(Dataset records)
[Start of section]

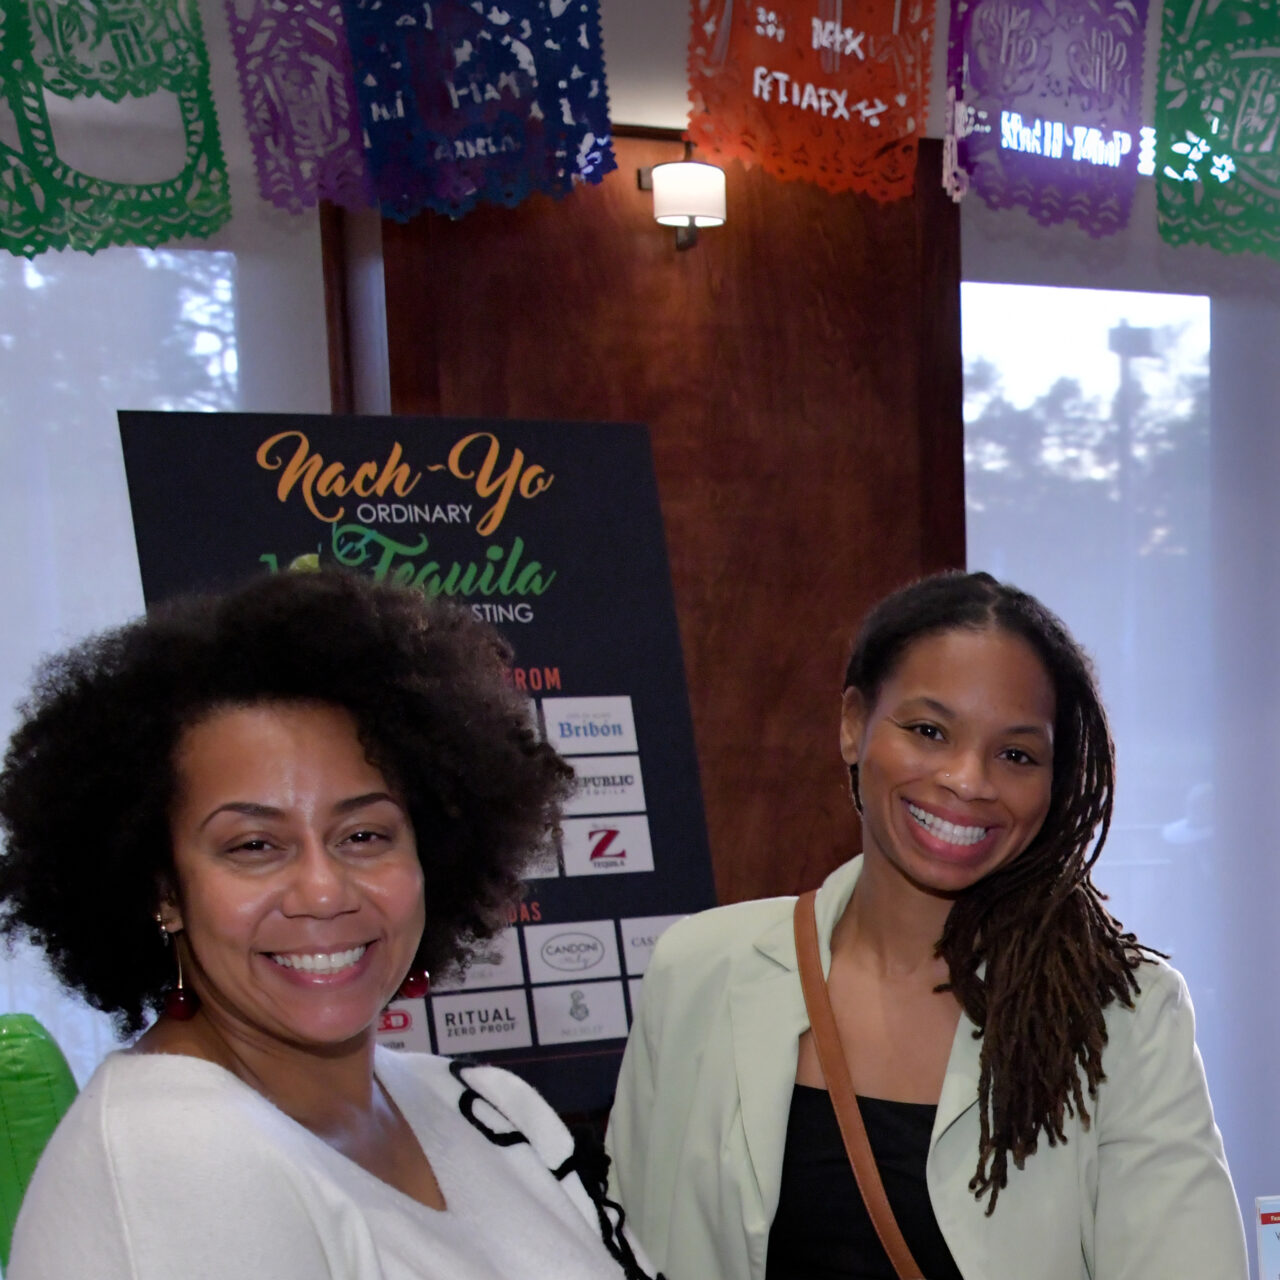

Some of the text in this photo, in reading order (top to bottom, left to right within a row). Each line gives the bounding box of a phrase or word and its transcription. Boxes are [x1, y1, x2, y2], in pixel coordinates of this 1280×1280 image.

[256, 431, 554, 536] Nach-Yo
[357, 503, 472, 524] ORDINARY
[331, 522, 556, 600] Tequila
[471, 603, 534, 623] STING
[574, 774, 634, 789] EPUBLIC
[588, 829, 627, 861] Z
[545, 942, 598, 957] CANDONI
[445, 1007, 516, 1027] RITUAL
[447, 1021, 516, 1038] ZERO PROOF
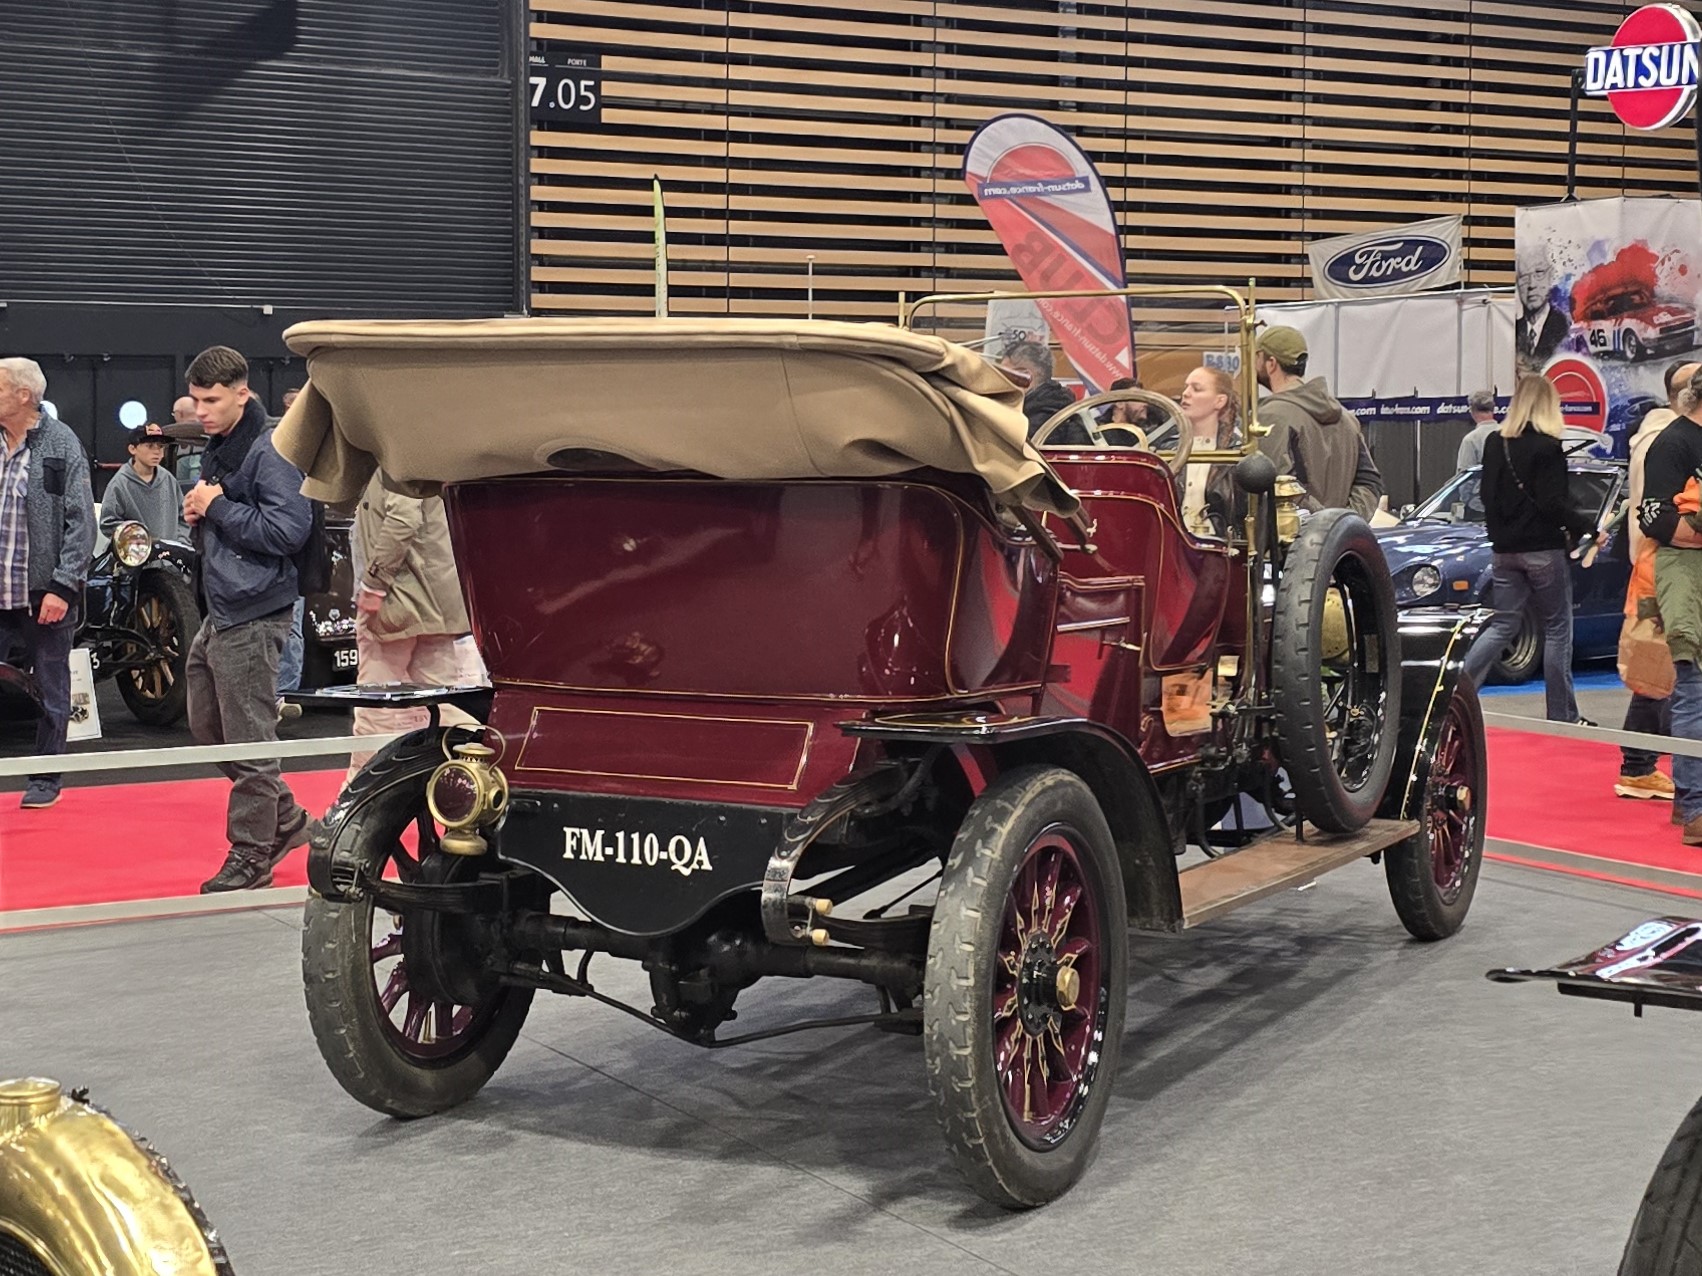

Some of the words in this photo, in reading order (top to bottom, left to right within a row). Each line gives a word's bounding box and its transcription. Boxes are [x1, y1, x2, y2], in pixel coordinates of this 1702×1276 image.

[End of section]
[Start of section]

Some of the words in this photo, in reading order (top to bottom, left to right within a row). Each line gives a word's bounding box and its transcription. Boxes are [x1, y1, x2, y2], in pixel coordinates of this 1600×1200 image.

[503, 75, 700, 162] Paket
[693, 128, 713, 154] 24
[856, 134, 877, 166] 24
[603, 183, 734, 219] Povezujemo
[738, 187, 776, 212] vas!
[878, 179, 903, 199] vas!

[End of section]

Retype only the lines above from the one with "Some of the text" through the one with "this 1702×1276 image.", exactly and with both ends. Images stay out.

Some of the text in this photo, in reading order (top to bottom, left to right within a row). Each line gives the bounding box of a phrase or word and its transcription. Boxes are [x1, y1, x2, y2], in pixel coordinates of this 1280×1280 image.

[256, 431, 554, 536] Nach-Yo
[357, 503, 472, 524] ORDINARY
[331, 522, 556, 600] Tequila
[471, 603, 534, 623] STING
[574, 774, 634, 789] EPUBLIC
[588, 829, 627, 861] Z
[545, 942, 598, 957] CANDONI
[445, 1007, 516, 1027] RITUAL
[447, 1021, 516, 1038] ZERO PROOF

Some of the words in this photo, in reading order (top to bottom, left to right within a row). Each line gives a word's bounding box and its transcription. Boxes are [x1, y1, x2, y2], in pixel coordinates of this 1702×1276 image.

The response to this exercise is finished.